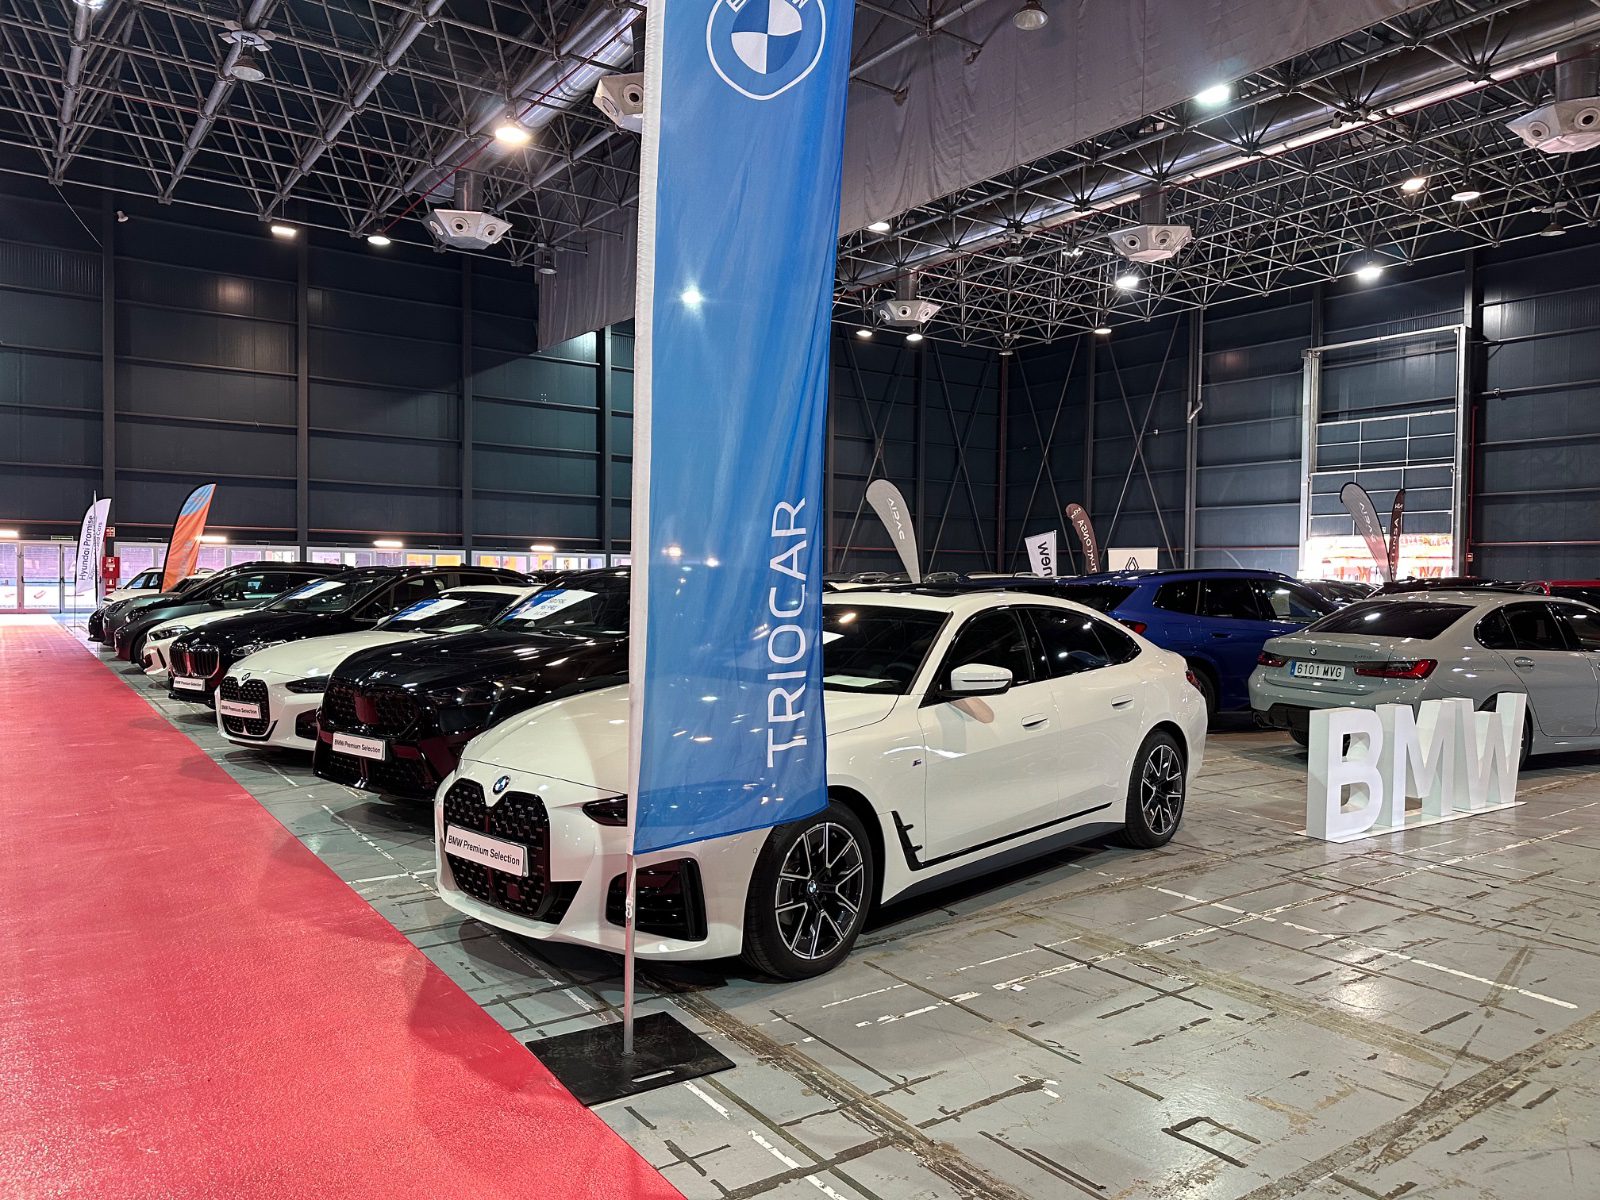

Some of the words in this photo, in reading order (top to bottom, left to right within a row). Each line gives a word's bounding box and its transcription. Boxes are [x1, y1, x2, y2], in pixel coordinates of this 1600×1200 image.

[84, 515, 94, 547] Promise
[79, 547, 90, 581] Hyundai
[767, 497, 807, 767] TRIOCAR
[1297, 664, 1320, 676] 6101
[1322, 666, 1342, 678] MVG
[345, 740, 361, 750] Premium
[361, 743, 381, 754] Selection
[1306, 693, 1527, 840] BMW
[448, 835, 464, 848] BMW
[463, 840, 489, 857] Premium
[489, 848, 520, 866] Selection
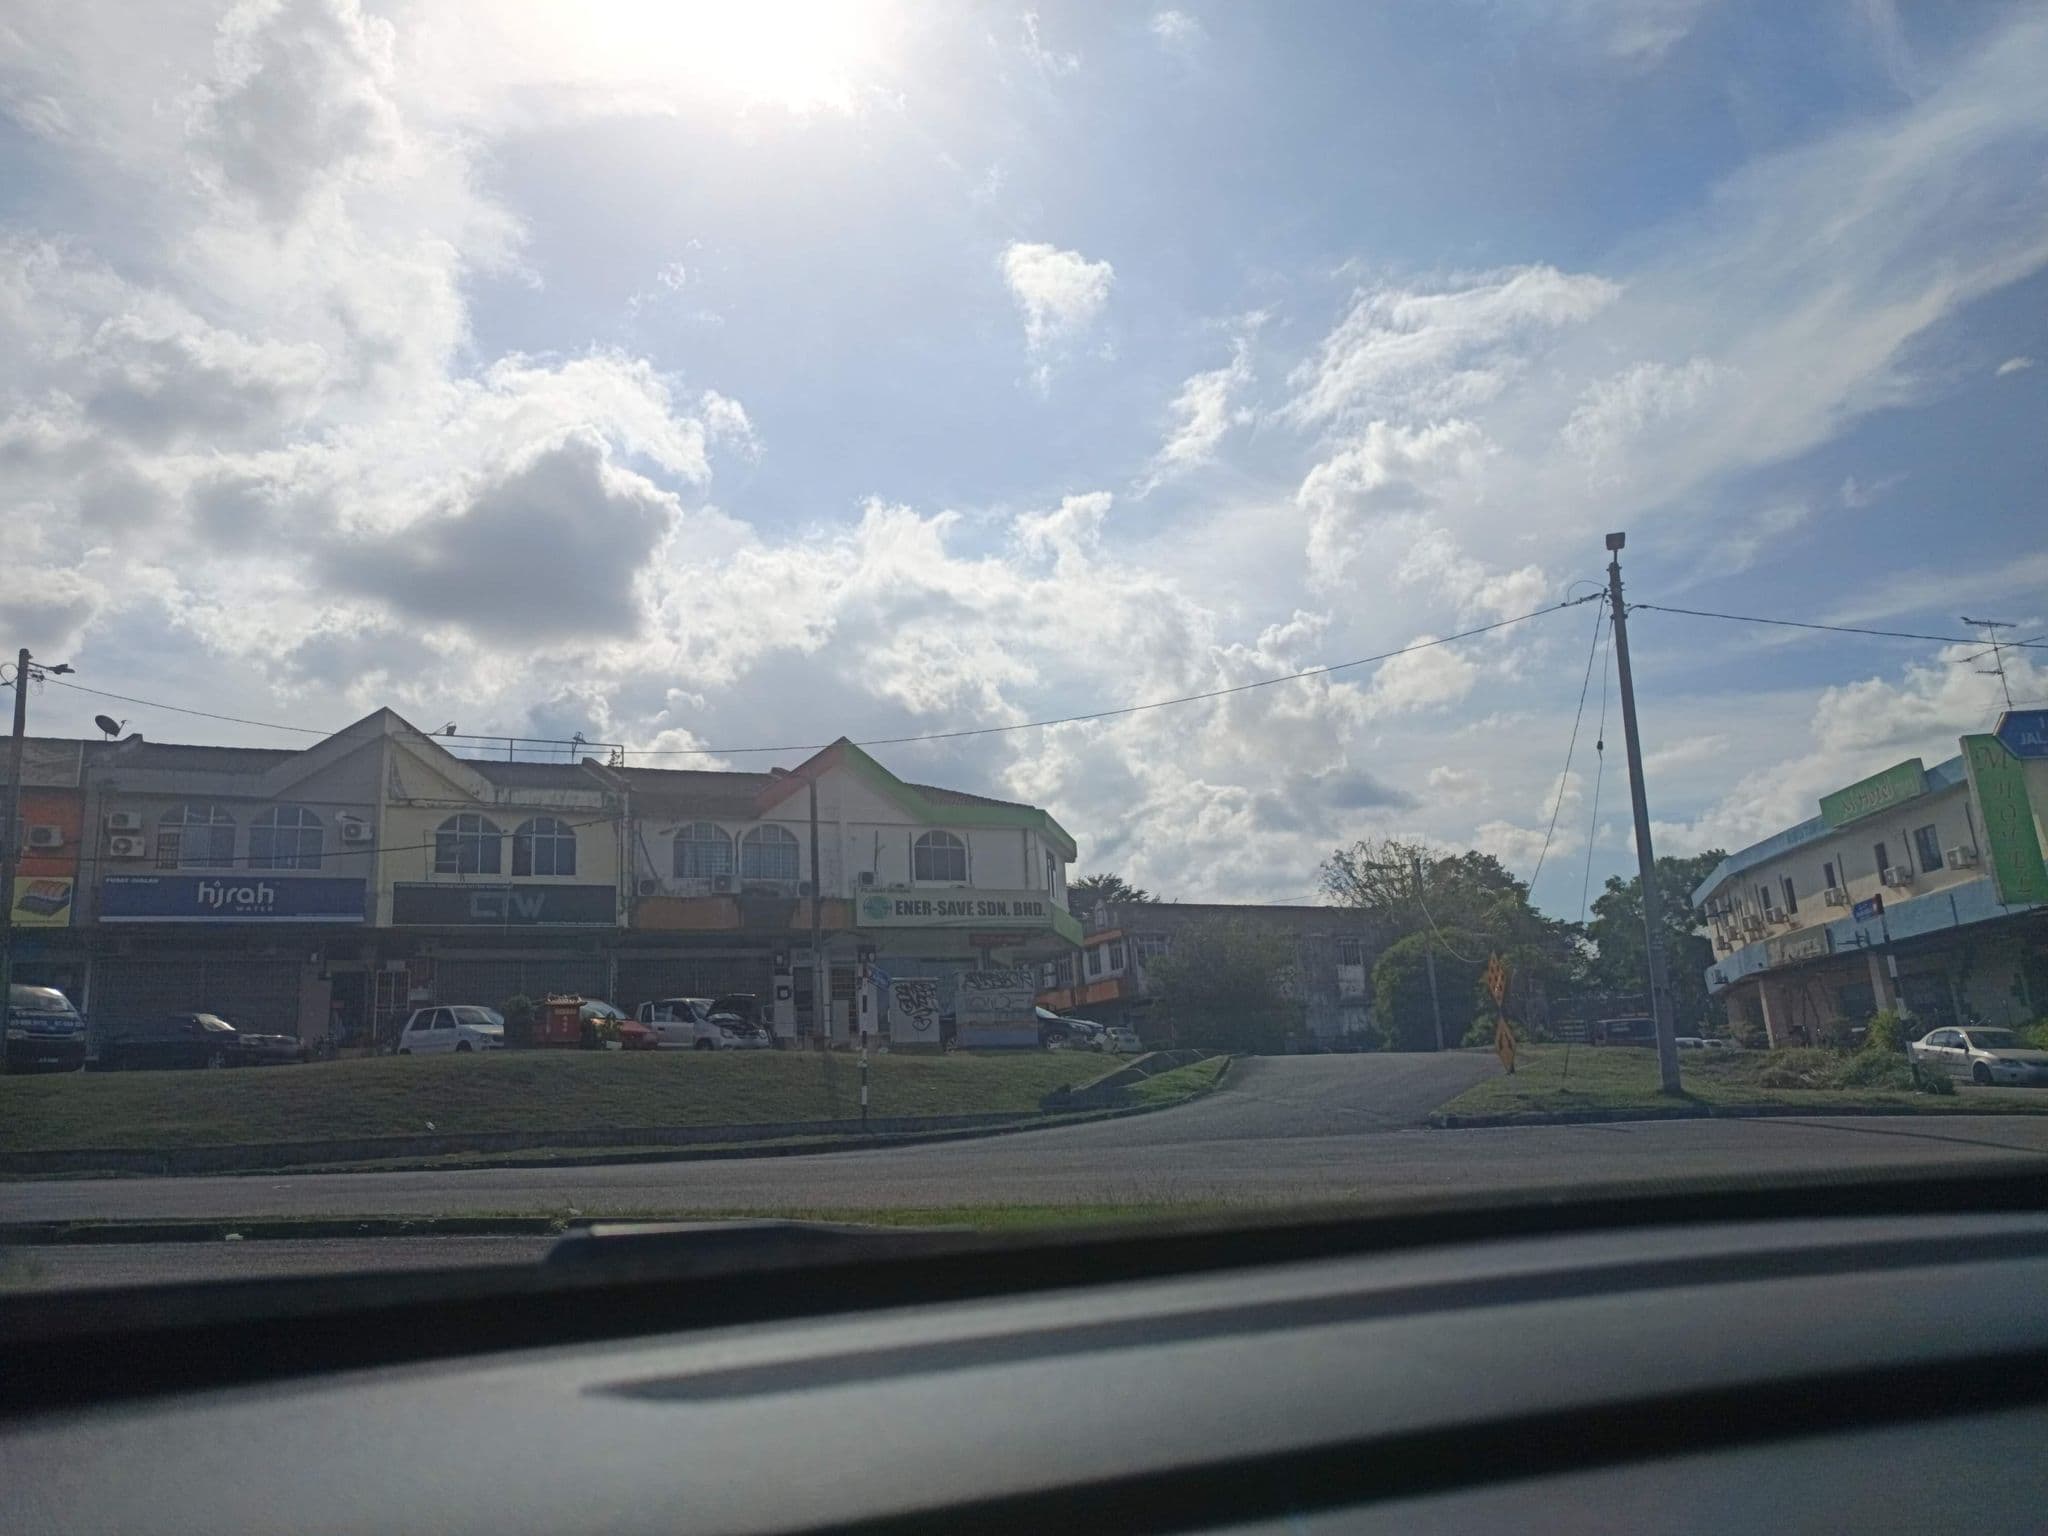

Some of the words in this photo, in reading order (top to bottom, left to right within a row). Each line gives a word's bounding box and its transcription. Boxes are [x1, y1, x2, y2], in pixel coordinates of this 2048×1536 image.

[895, 899, 974, 917] ENER-SAVE
[977, 900, 1010, 917] SDN.
[1013, 901, 1047, 917] BHD.
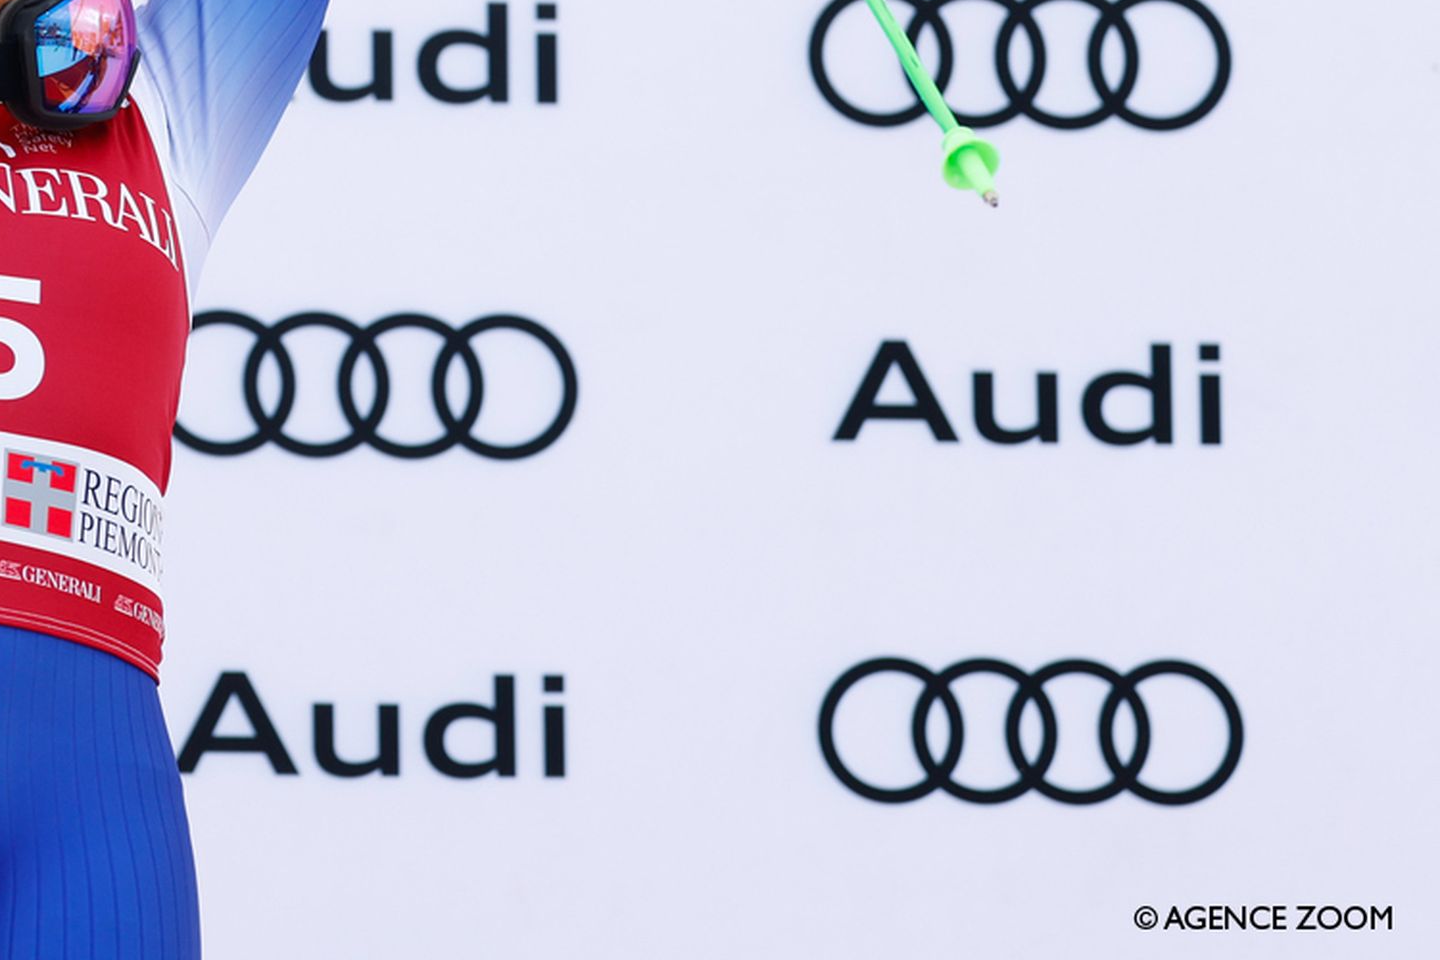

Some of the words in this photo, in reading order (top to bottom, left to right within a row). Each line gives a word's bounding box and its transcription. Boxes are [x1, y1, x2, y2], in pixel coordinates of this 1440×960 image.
===
▸ **Your objective**: Please retype the listing exactly, leaving out any images.

▸ **Result for this exercise**:
Some of the words in this photo, in reading order (top to bottom, left to right within a row). Each line gives a word's bounding box and its transcription. Boxes are [x1, y1, x2, y2], in pixel coordinates of this 1600×1200 image.

[84, 515, 94, 547] Promise
[79, 547, 90, 581] Hyundai
[767, 497, 807, 767] TRIOCAR
[1297, 664, 1320, 676] 6101
[1322, 666, 1342, 678] MVG
[345, 740, 361, 750] Premium
[361, 743, 381, 754] Selection
[1306, 693, 1527, 840] BMW
[448, 835, 464, 848] BMW
[463, 840, 489, 857] Premium
[489, 848, 520, 866] Selection

Some of the words in this photo, in reading order (top to bottom, left to right within a row). Each line gives a word's bounding box and its transcription. Boxes are [x1, y1, x2, y2], in pixel coordinates of this 2048×1536 image.

[895, 899, 974, 917] ENER-SAVE
[977, 900, 1010, 917] SDN.
[1013, 901, 1047, 917] BHD.

Some of the words in this photo, in reading order (top to bottom, left to right within a row). Each line gives a word's bounding box and its transcription. Boxes are [x1, y1, x2, y2], in pixel coordinates of this 1440×960 image.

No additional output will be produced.